--- Exercise materials ---
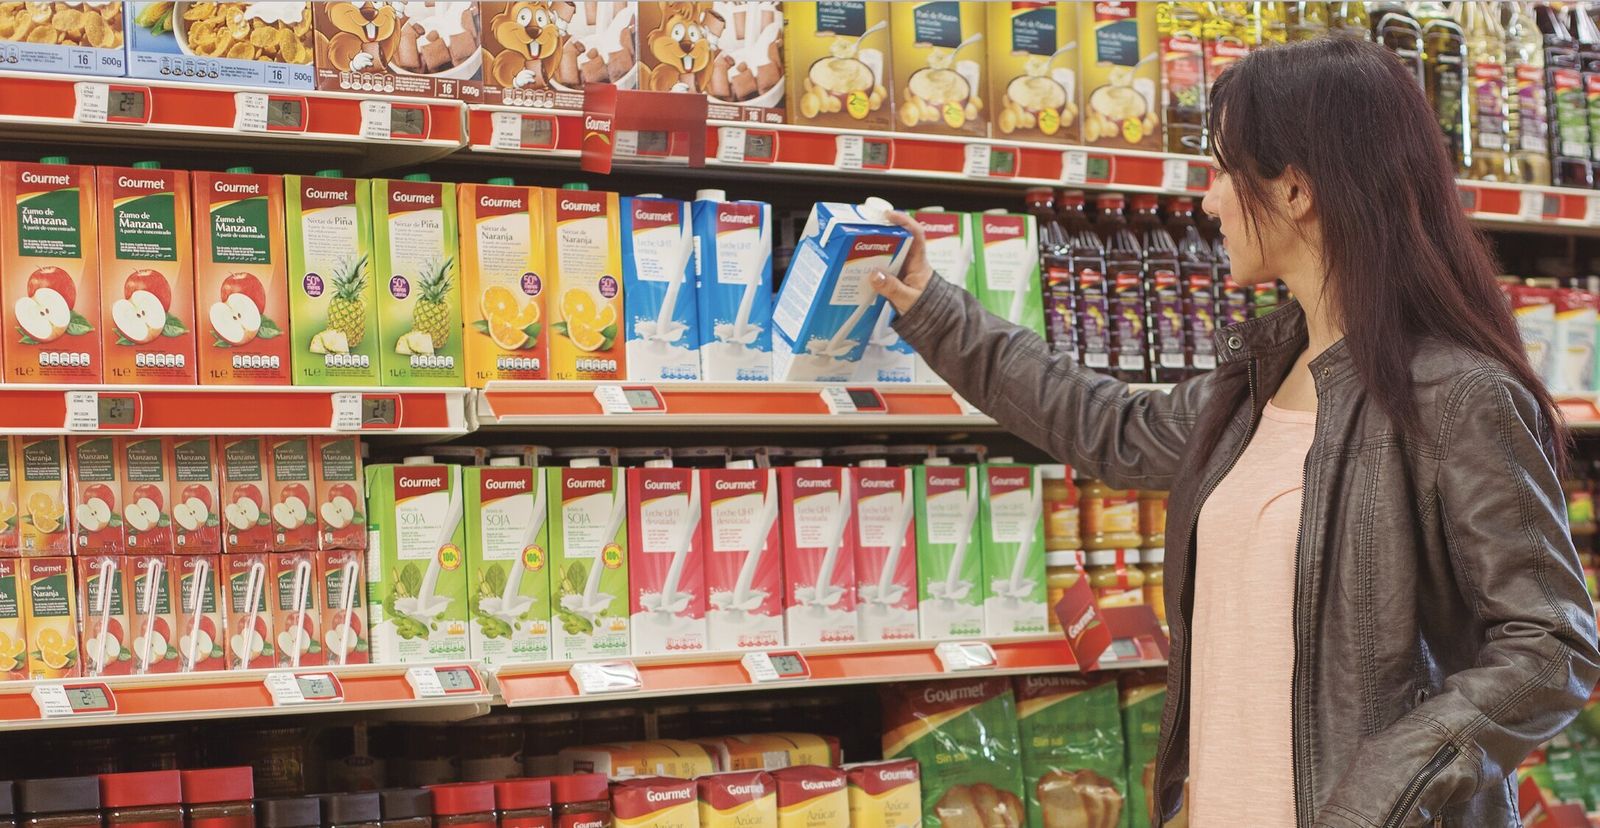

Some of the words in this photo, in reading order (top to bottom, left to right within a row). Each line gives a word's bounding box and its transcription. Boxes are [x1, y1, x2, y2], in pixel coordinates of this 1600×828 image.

[78, 54, 88, 64] 16
[102, 57, 122, 68] 500g
[272, 70, 282, 80] 16
[294, 73, 312, 82] 500g
[442, 84, 452, 94] 16
[462, 86, 479, 97] 500g
[585, 116, 611, 132] Gourmet
[22, 172, 70, 185] Gourmet
[118, 176, 164, 190] Gourmet
[215, 181, 259, 194] Gourmet
[306, 188, 348, 200] Gourmet
[393, 191, 434, 204] Gourmet
[480, 196, 521, 208] Gourmet
[561, 200, 600, 212] Gourmet
[22, 207, 43, 215] Zumo
[635, 210, 672, 221] Gourmet
[22, 214, 68, 226] Manzana
[119, 218, 163, 229] Manzana
[334, 217, 352, 226] Piña
[720, 212, 754, 224] Gourmet
[216, 223, 257, 232] Manzana
[421, 220, 439, 229] Piña
[985, 224, 1019, 235] Gourmet
[482, 232, 513, 241] Naranja
[562, 235, 592, 245] Naranja
[855, 242, 891, 251] Gourmet
[400, 477, 441, 488] Gourmet
[486, 478, 525, 490] Gourmet
[567, 478, 606, 488] Gourmet
[645, 480, 681, 490] Gourmet
[716, 480, 756, 490] Gourmet
[797, 478, 831, 488] Gourmet
[861, 478, 895, 488] Gourmet
[929, 476, 960, 486] Gourmet
[992, 476, 1024, 486] Gourmet
[401, 513, 425, 524] SOJA
[487, 514, 510, 525] SOJA
[568, 513, 590, 524] SOJA
[1068, 606, 1095, 639] Gourmet
[483, 656, 492, 664] 1L
[924, 685, 984, 703] Gourmet
[936, 754, 951, 764] Sin
[727, 784, 764, 795] Gourmet
[802, 778, 842, 790] Gourmet
[647, 788, 690, 802] Gourmet
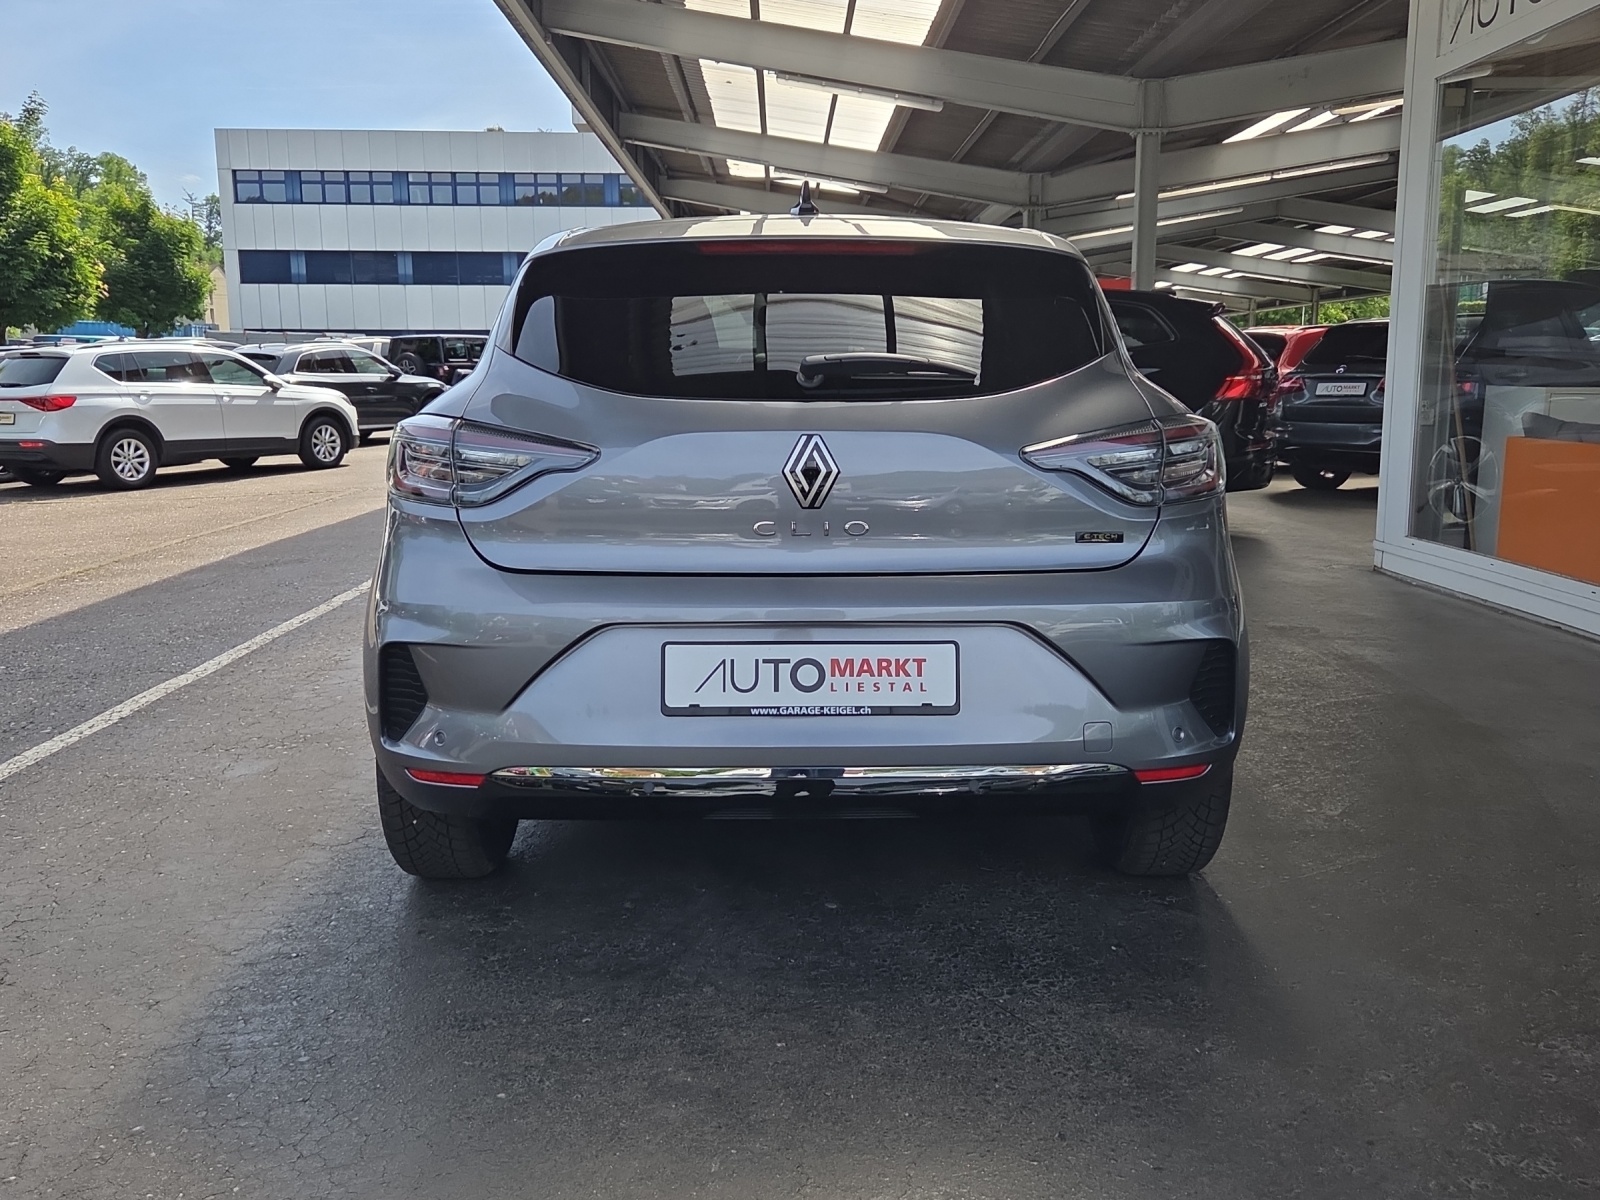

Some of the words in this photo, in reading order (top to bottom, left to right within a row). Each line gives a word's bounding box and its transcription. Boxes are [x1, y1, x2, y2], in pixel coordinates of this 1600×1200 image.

[753, 520, 869, 536] CLIO
[694, 657, 826, 693] AUTO
[830, 658, 927, 677] MARKT
[830, 682, 927, 692] LIESTAL
[750, 706, 872, 715] www.GARAGE-KEIGEL.ch
---
** Required work **
Restate every record exactly, please; do not copy the pictures.

** Output below **
Some of the words in this photo, in reading order (top to bottom, left to right within a row). Each line gives a word's bounding box and its transcription. Boxes are [x1, y1, x2, y2], in pixel coordinates of this 1600×828 image.

[78, 54, 88, 64] 16
[102, 57, 122, 68] 500g
[272, 70, 282, 80] 16
[294, 73, 312, 82] 500g
[442, 84, 452, 94] 16
[462, 86, 479, 97] 500g
[585, 116, 611, 132] Gourmet
[22, 172, 70, 185] Gourmet
[118, 176, 164, 190] Gourmet
[215, 181, 259, 194] Gourmet
[306, 188, 348, 200] Gourmet
[393, 191, 434, 204] Gourmet
[480, 196, 521, 208] Gourmet
[561, 200, 600, 212] Gourmet
[22, 207, 43, 215] Zumo
[635, 210, 672, 221] Gourmet
[22, 214, 68, 226] Manzana
[119, 218, 163, 229] Manzana
[334, 217, 352, 226] Piña
[720, 212, 754, 224] Gourmet
[216, 223, 257, 232] Manzana
[421, 220, 439, 229] Piña
[985, 224, 1019, 235] Gourmet
[482, 232, 513, 241] Naranja
[562, 235, 592, 245] Naranja
[855, 242, 891, 251] Gourmet
[400, 477, 441, 488] Gourmet
[486, 478, 525, 490] Gourmet
[567, 478, 606, 488] Gourmet
[645, 480, 681, 490] Gourmet
[716, 480, 756, 490] Gourmet
[797, 478, 831, 488] Gourmet
[861, 478, 895, 488] Gourmet
[929, 476, 960, 486] Gourmet
[992, 476, 1024, 486] Gourmet
[401, 513, 425, 524] SOJA
[487, 514, 510, 525] SOJA
[568, 513, 590, 524] SOJA
[1068, 606, 1095, 639] Gourmet
[483, 656, 492, 664] 1L
[924, 685, 984, 703] Gourmet
[936, 754, 951, 764] Sin
[727, 784, 764, 795] Gourmet
[802, 778, 842, 790] Gourmet
[647, 788, 690, 802] Gourmet

Some of the words in this photo, in reading order (top to bottom, left to right within a row). Each line gives a word's bounding box and its transcription. Boxes are [x1, y1, x2, y2], in pixel coordinates of this 1600×1200 image.

[753, 520, 869, 536] CLIO
[694, 657, 826, 693] AUTO
[830, 658, 927, 677] MARKT
[830, 682, 927, 692] LIESTAL
[750, 706, 872, 715] www.GARAGE-KEIGEL.ch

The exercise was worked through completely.